Opinion
21-10690
05-10-2022
Appeal from the United States District Court for the Northern District of Texas USDC No. 2:20-CR-136-1
Before Davis, Jones, and Elrod, Circuit Judges.
Per Curiam
Christopher David Bell pleaded guilty to a drug offense and was sentenced to 270 months of imprisonment. He now challenges the district court's failure to sua sponte conduct a formal competency hearing or otherwise inquire further as to his competency. We pretermit deciding whether Bell's appeal waiver bars the issues. See United States v. Story, 439 F.3d 226, 230-31 (5th Cir. 2006); United States v. Smith, 528 F.3d 423, 424 (5th Cir. 2008). Because Bell's arguments are unpersuasive on review for abuse of discretion, we also decline to decide whether the stricter plain-error standard might apply. See United States v. Flores-Martinez, 677 F.3d 699, 706 (5th Cir. 2012); United States v. Rodriguez, 602 F.3d 346, 361 (5th Cir. 2010).
A defendant has a procedural due process right to a hearing to determine his competency if the evidence before the district court raises a bona fide doubt about his competency. See Pate v. Robinson, 383 U.S. 375, 378, 385 (1966); see also 18 U.S.C. § 4241(a). This court considers three factors in determining whether a competency hearing is required: "(1) any history of irrational behavior, (2) the defendant's demeanor at trial, and (3) any prior medical opinion on competency." United States v. Davis, 61 F.3d 291, 304 (5th Cir. 1995).

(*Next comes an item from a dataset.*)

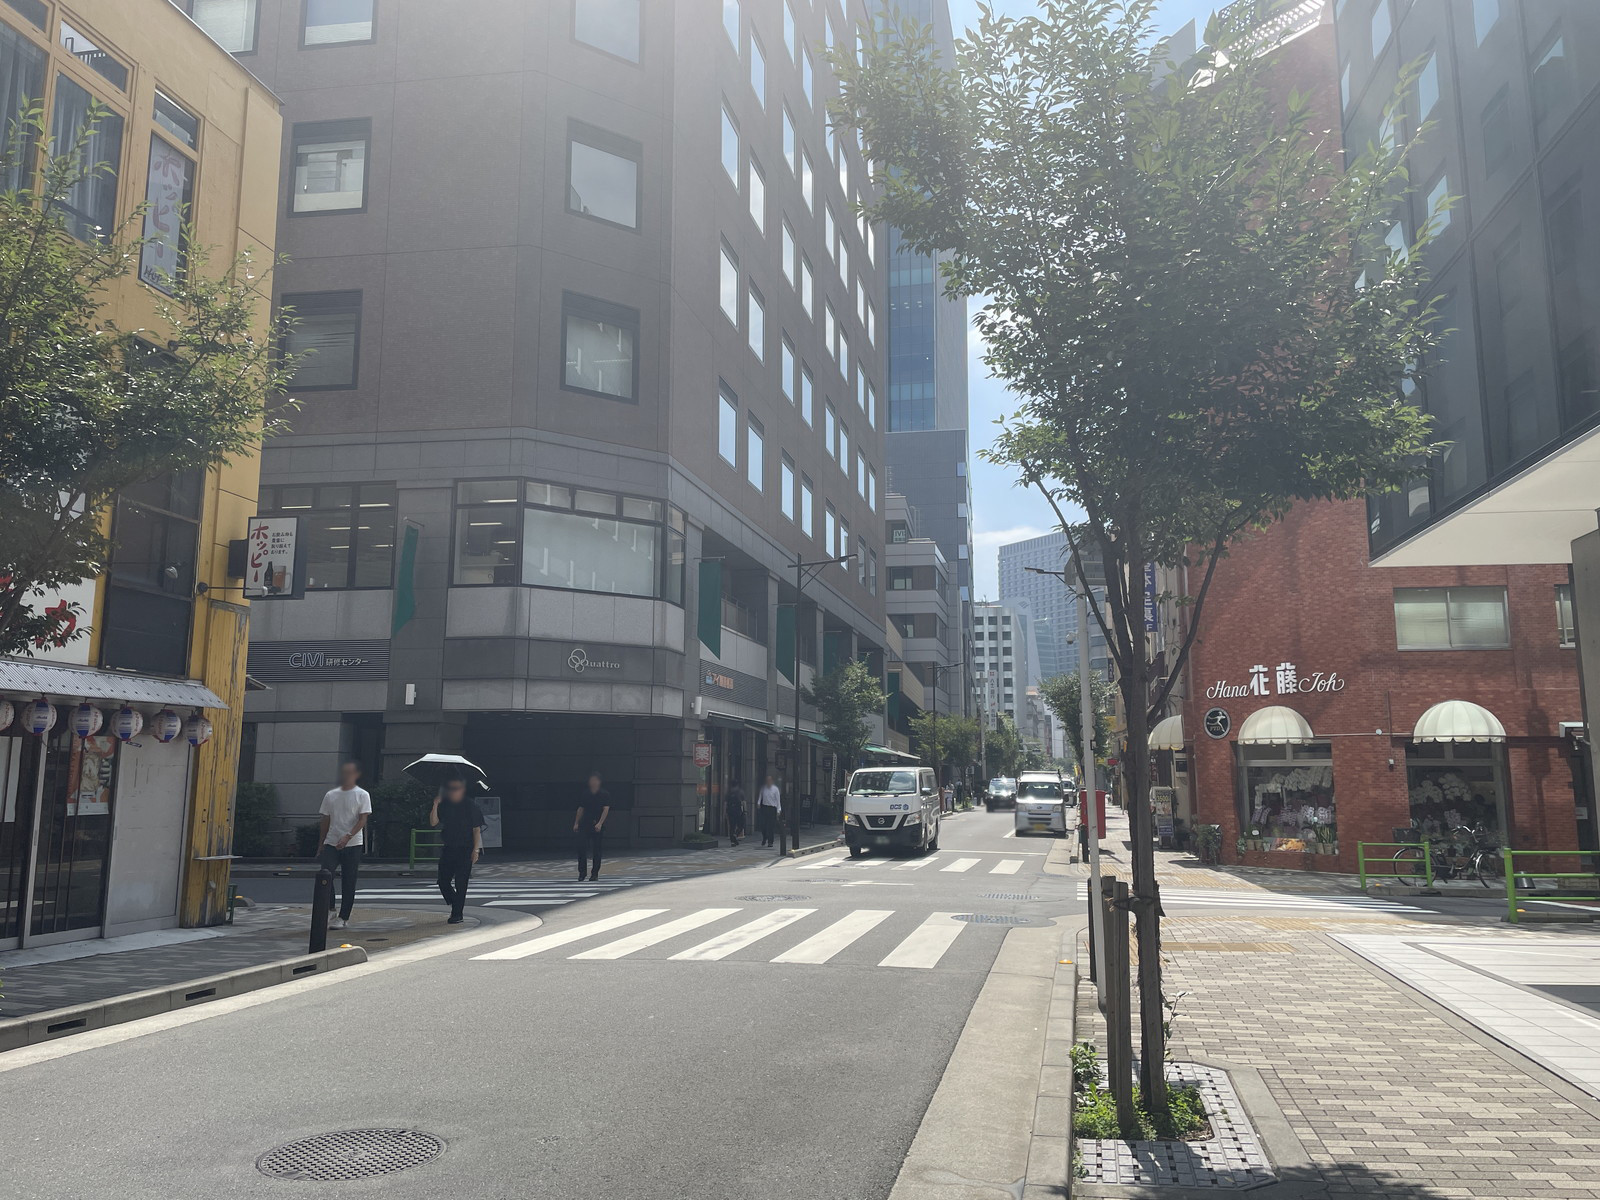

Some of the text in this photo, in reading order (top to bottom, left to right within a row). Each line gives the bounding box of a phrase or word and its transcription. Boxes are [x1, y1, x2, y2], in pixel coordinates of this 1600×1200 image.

[251, 521, 269, 582] ホッピー
[289, 652, 325, 668] CIVI
[1206, 680, 1250, 699] Hana
[695, 746, 709, 761] 薬

The facts in the presentence report regarding Bell's previous head injury provided no reason for the district court to question his ability to understand the proceedings or aid his attorney in his defense, especially considering that he appropriately responded to all of the questions posed to him during the rearraignment and sentencing proceedings. See Pate, 383 U.S. at 385; Flores-Martinez, 677 F.3d at 705-08; United States v. Williams, 819 F.2d 605, 607 (5th Cir. 1988); Lokos v. Capps, 625 F.2d 1258, 1261 (5th Cir. 1980). Accordingly, the district court did not err. See Pate, 383 U.S. at 385; Flores-Martinez, 677 F.3d at 705-08.
AFFIRMED.
Pursuant to 5th Circuit Rule 47.5, the court has determined that this opinion should not be published and is not precedent except under the limited circumstances set forth in 5th Circuit Rule 47.5.4.